§ THE TASK
Set the entries down once more, exactly as they are worded.

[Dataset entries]
=== Begin Enclosure ===

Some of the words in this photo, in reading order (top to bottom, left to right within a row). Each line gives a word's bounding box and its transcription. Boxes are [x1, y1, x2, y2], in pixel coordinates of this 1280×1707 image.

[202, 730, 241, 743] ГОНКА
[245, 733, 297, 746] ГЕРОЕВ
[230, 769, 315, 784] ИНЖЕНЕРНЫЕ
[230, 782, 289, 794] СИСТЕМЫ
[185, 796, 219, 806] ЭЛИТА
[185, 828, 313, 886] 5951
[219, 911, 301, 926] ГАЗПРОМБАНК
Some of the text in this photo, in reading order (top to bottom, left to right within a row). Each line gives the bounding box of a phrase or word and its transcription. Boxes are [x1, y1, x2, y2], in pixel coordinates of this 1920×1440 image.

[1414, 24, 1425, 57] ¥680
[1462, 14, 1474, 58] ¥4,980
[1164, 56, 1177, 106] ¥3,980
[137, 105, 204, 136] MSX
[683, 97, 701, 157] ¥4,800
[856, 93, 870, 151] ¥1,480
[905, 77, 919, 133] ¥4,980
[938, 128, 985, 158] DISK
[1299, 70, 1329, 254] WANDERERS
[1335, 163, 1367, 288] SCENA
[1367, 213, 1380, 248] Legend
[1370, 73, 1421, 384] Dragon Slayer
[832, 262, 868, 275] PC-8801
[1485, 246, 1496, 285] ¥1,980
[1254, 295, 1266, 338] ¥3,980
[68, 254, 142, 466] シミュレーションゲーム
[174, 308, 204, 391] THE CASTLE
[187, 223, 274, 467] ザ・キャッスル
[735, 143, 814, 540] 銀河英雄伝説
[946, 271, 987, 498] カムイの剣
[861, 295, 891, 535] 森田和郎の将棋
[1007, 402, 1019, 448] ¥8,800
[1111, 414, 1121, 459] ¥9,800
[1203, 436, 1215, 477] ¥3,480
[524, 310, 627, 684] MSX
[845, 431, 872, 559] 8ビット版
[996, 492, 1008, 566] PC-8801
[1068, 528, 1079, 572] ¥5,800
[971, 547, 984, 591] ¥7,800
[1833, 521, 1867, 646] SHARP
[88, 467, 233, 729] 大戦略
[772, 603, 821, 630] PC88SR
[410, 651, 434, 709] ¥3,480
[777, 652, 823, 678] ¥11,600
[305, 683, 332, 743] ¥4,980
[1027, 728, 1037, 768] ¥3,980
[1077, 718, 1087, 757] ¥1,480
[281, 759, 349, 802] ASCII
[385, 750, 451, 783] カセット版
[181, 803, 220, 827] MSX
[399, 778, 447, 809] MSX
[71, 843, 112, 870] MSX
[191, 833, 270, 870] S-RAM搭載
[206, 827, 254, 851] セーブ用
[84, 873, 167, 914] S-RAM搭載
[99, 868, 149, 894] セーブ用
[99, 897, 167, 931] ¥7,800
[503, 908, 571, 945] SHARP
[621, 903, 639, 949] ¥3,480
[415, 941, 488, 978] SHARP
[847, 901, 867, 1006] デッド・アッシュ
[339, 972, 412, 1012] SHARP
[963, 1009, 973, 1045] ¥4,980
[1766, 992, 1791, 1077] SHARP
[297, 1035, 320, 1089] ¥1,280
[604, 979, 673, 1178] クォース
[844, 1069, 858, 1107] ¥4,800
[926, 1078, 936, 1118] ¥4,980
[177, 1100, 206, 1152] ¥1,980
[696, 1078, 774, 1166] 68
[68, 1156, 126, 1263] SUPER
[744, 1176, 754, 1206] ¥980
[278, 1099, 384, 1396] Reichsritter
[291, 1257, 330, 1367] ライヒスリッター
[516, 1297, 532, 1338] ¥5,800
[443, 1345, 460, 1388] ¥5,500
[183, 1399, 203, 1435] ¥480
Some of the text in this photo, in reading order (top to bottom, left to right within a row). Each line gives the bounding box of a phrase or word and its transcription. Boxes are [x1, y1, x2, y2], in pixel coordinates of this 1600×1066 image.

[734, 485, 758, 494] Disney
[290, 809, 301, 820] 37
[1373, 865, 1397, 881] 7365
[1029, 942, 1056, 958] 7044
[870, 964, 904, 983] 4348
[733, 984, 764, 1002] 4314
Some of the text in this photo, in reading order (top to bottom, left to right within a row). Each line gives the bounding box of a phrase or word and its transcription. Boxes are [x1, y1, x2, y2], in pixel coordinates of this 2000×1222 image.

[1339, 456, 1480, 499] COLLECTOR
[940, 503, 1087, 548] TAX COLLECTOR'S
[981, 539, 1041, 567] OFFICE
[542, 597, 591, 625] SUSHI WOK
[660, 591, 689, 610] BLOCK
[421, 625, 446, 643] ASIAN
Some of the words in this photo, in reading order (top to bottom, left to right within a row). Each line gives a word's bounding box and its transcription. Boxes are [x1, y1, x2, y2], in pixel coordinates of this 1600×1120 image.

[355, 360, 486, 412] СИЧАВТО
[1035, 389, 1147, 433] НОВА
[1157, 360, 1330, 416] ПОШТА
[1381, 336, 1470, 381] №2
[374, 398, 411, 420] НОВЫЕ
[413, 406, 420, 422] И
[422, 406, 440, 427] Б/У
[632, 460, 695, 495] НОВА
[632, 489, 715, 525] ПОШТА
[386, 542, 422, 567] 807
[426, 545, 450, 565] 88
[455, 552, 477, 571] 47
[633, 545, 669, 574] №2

=== End Enclosure ===

§ REPLY TO THE TASK
Some of the words in this photo, in reading order (top to bottom, left to right within a row). Each line gives a word's bounding box and its transcription. Boxes are [x1, y1, x2, y2], in pixel coordinates of this 1280×1707 image.

[202, 730, 241, 743] ГОНКА
[245, 733, 297, 746] ГЕРОЕВ
[230, 769, 315, 784] ИНЖЕНЕРНЫЕ
[230, 782, 289, 794] СИСТЕМЫ
[185, 796, 219, 806] ЭЛИТА
[185, 828, 313, 886] 5951
[219, 911, 301, 926] ГАЗПРОМБАНК
Some of the text in this photo, in reading order (top to bottom, left to right within a row). Each line gives the bounding box of a phrase or word and its transcription. Boxes are [x1, y1, x2, y2], in pixel coordinates of this 1920×1440 image.

[1414, 24, 1425, 57] ¥680
[1462, 14, 1474, 58] ¥4,980
[1164, 56, 1177, 106] ¥3,980
[137, 105, 204, 136] MSX
[683, 97, 701, 157] ¥4,800
[856, 93, 870, 151] ¥1,480
[905, 77, 919, 133] ¥4,980
[938, 128, 985, 158] DISK
[1299, 70, 1329, 254] WANDERERS
[1335, 163, 1367, 288] SCENA
[1367, 213, 1380, 248] Legend
[1370, 73, 1421, 384] Dragon Slayer
[832, 262, 868, 275] PC-8801
[1485, 246, 1496, 285] ¥1,980
[1254, 295, 1266, 338] ¥3,980
[68, 254, 142, 466] シミュレーションゲーム
[174, 308, 204, 391] THE CASTLE
[187, 223, 274, 467] ザ・キャッスル
[735, 143, 814, 540] 銀河英雄伝説
[946, 271, 987, 498] カムイの剣
[861, 295, 891, 535] 森田和郎の将棋
[1007, 402, 1019, 448] ¥8,800
[1111, 414, 1121, 459] ¥9,800
[1203, 436, 1215, 477] ¥3,480
[524, 310, 627, 684] MSX
[845, 431, 872, 559] 8ビット版
[996, 492, 1008, 566] PC-8801
[1068, 528, 1079, 572] ¥5,800
[971, 547, 984, 591] ¥7,800
[1833, 521, 1867, 646] SHARP
[88, 467, 233, 729] 大戦略
[772, 603, 821, 630] PC88SR
[410, 651, 434, 709] ¥3,480
[777, 652, 823, 678] ¥11,600
[305, 683, 332, 743] ¥4,980
[1027, 728, 1037, 768] ¥3,980
[1077, 718, 1087, 757] ¥1,480
[281, 759, 349, 802] ASCII
[385, 750, 451, 783] カセット版
[181, 803, 220, 827] MSX
[399, 778, 447, 809] MSX
[71, 843, 112, 870] MSX
[191, 833, 270, 870] S-RAM搭載
[206, 827, 254, 851] セーブ用
[84, 873, 167, 914] S-RAM搭載
[99, 868, 149, 894] セーブ用
[99, 897, 167, 931] ¥7,800
[503, 908, 571, 945] SHARP
[621, 903, 639, 949] ¥3,480
[415, 941, 488, 978] SHARP
[847, 901, 867, 1006] デッド・アッシュ
[339, 972, 412, 1012] SHARP
[963, 1009, 973, 1045] ¥4,980
[1766, 992, 1791, 1077] SHARP
[297, 1035, 320, 1089] ¥1,280
[604, 979, 673, 1178] クォース
[844, 1069, 858, 1107] ¥4,800
[926, 1078, 936, 1118] ¥4,980
[177, 1100, 206, 1152] ¥1,980
[696, 1078, 774, 1166] 68
[68, 1156, 126, 1263] SUPER
[744, 1176, 754, 1206] ¥980
[278, 1099, 384, 1396] Reichsritter
[291, 1257, 330, 1367] ライヒスリッター
[516, 1297, 532, 1338] ¥5,800
[443, 1345, 460, 1388] ¥5,500
[183, 1399, 203, 1435] ¥480
Some of the text in this photo, in reading order (top to bottom, left to right within a row). Each line gives the bounding box of a phrase or word and its transcription. Boxes are [x1, y1, x2, y2], in pixel coordinates of this 1600×1066 image.

[734, 485, 758, 494] Disney
[290, 809, 301, 820] 37
[1373, 865, 1397, 881] 7365
[1029, 942, 1056, 958] 7044
[870, 964, 904, 983] 4348
[733, 984, 764, 1002] 4314
Some of the text in this photo, in reading order (top to bottom, left to right within a row). Each line gives the bounding box of a phrase or word and its transcription. Boxes are [x1, y1, x2, y2], in pixel coordinates of this 2000×1222 image.

[1339, 456, 1480, 499] COLLECTOR
[940, 503, 1087, 548] TAX COLLECTOR'S
[981, 539, 1041, 567] OFFICE
[542, 597, 591, 625] SUSHI WOK
[660, 591, 689, 610] BLOCK
[421, 625, 446, 643] ASIAN
Some of the words in this photo, in reading order (top to bottom, left to right within a row). Each line gives a word's bounding box and its transcription. Boxes are [x1, y1, x2, y2], in pixel coordinates of this 1600×1120 image.

[355, 360, 486, 412] СИЧАВТО
[1035, 389, 1147, 433] НОВА
[1157, 360, 1330, 416] ПОШТА
[1381, 336, 1470, 381] №2
[374, 398, 411, 420] НОВЫЕ
[413, 406, 420, 422] И
[422, 406, 440, 427] Б/У
[632, 460, 695, 495] НОВА
[632, 489, 715, 525] ПОШТА
[386, 542, 422, 567] 807
[426, 545, 450, 565] 88
[455, 552, 477, 571] 47
[633, 545, 669, 574] №2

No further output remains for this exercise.